-- Source data --
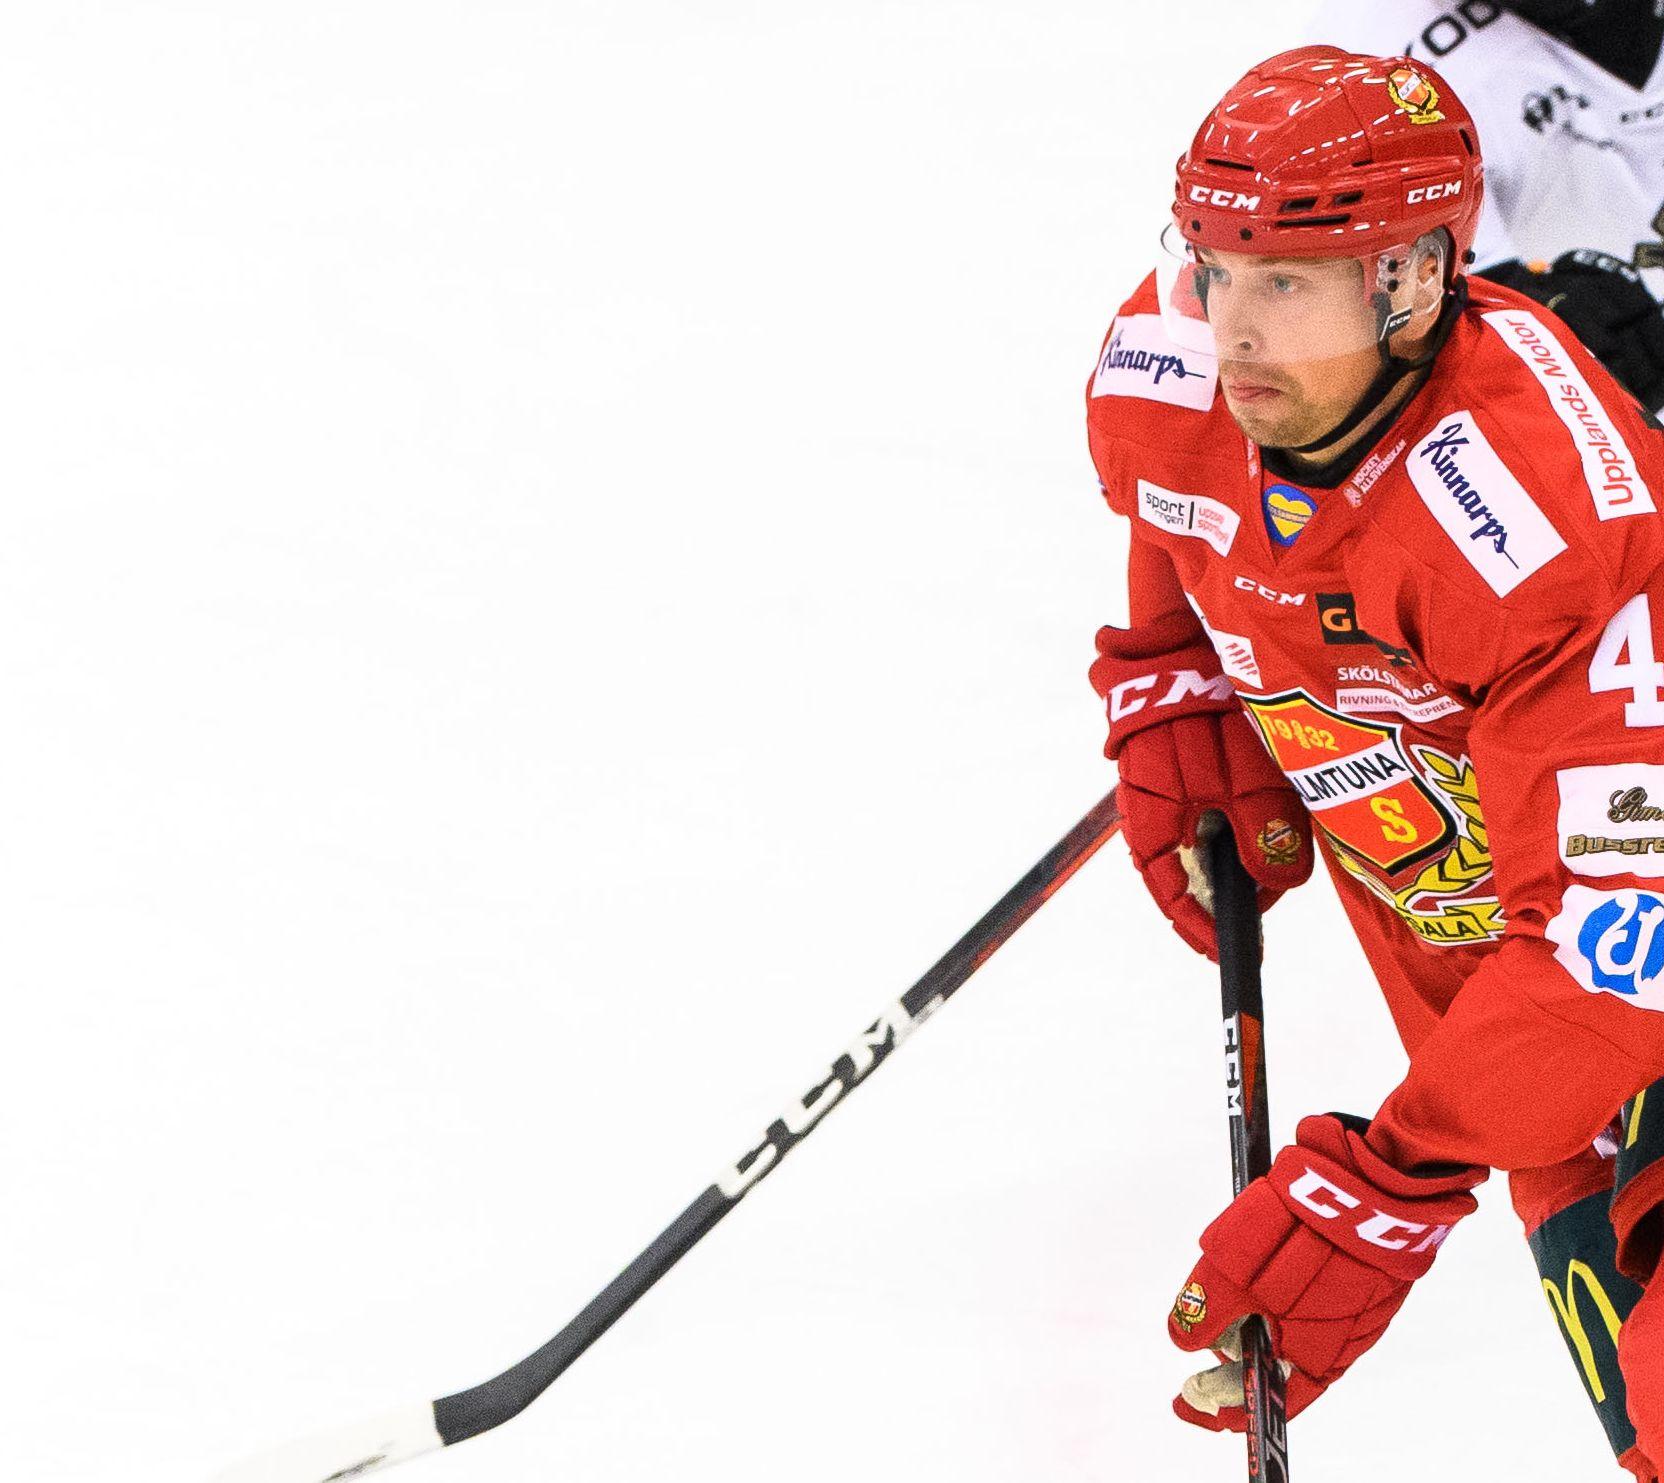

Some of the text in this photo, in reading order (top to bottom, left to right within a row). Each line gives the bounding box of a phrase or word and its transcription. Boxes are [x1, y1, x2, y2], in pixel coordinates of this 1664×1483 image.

[1189, 184, 1261, 211] CCM
[1406, 179, 1462, 205] CCM
[1505, 318, 1634, 506] Upplands Motor
[1351, 453, 1382, 487] HOCKEY
[1145, 492, 1186, 516] sport
[1419, 423, 1520, 570] Kinnarps
[1233, 575, 1307, 606] CCM
[1339, 695, 1393, 706] RIVNING
[1294, 752, 1407, 802] LMTUNA
[1370, 796, 1419, 844] S
[1223, 1018, 1243, 1117] CCM
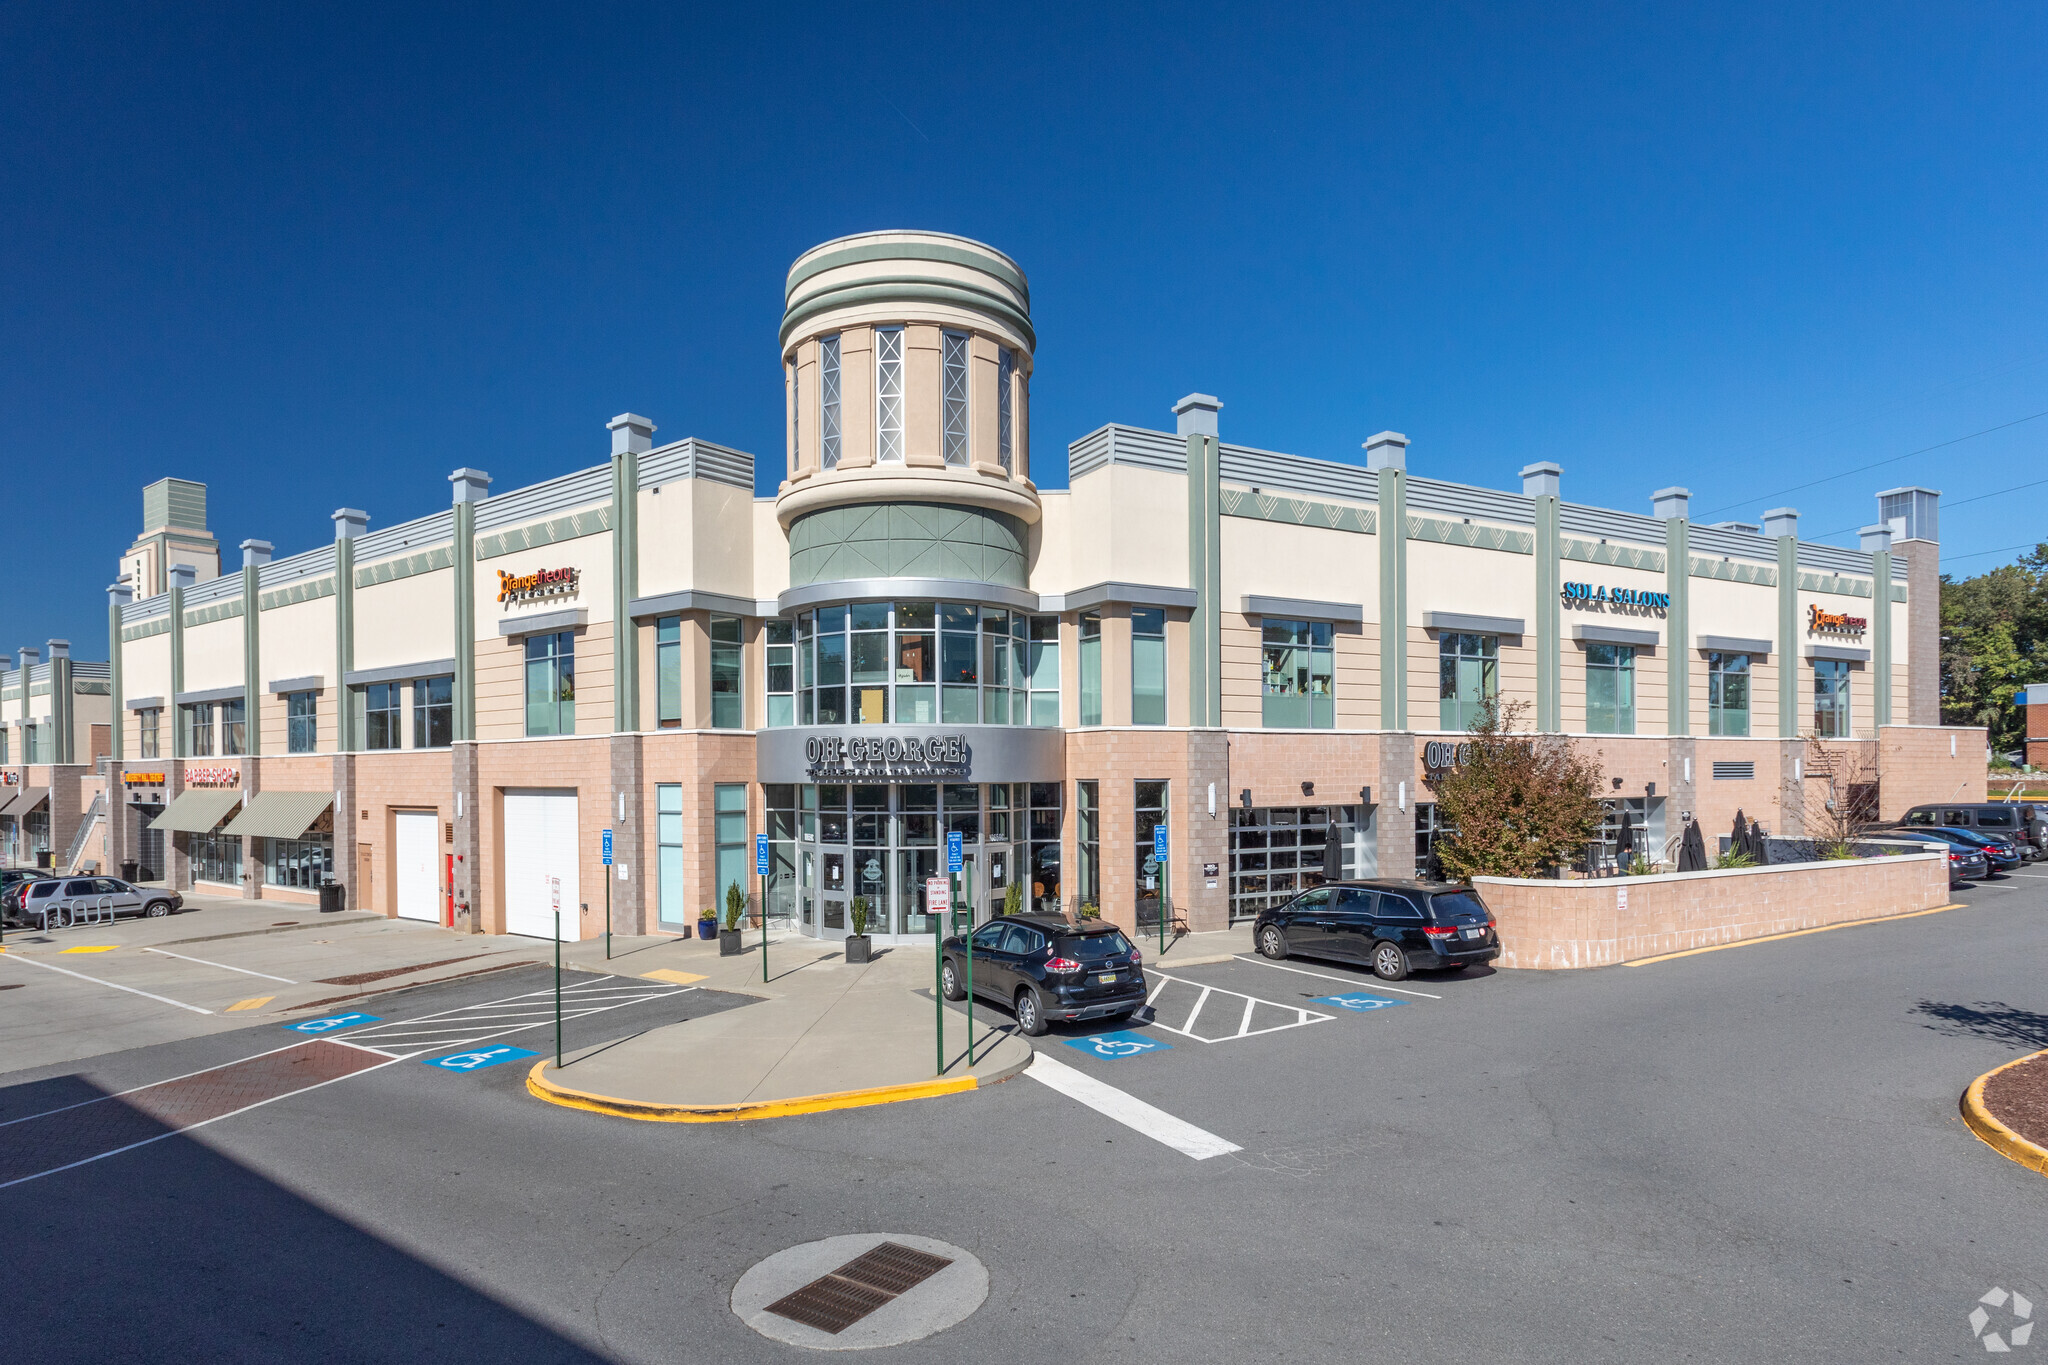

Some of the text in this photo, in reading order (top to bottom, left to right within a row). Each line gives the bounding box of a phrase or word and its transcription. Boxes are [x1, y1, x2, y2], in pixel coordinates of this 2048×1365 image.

-- What is being asked --
With the images excluded, reproduce the data above precisely as written.

-- Problem solution --
Some of the text in this photo, in reading order (top to bottom, left to right within a row). Each line gives the bounding box of a phrase or word and its transcription. Boxes are [x1, y1, x2, y2], in pixel coordinates of this 1664×1483 image.

[1189, 184, 1261, 211] CCM
[1406, 179, 1462, 205] CCM
[1505, 318, 1634, 506] Upplands Motor
[1351, 453, 1382, 487] HOCKEY
[1145, 492, 1186, 516] sport
[1419, 423, 1520, 570] Kinnarps
[1233, 575, 1307, 606] CCM
[1339, 695, 1393, 706] RIVNING
[1294, 752, 1407, 802] LMTUNA
[1370, 796, 1419, 844] S
[1223, 1018, 1243, 1117] CCM

Some of the text in this photo, in reading order (top to bottom, left to right within a row). Each line gives the bounding box of a phrase or word and its transcription. Boxes are [x1, y1, x2, y2], in pixel coordinates of this 2048×1365 image.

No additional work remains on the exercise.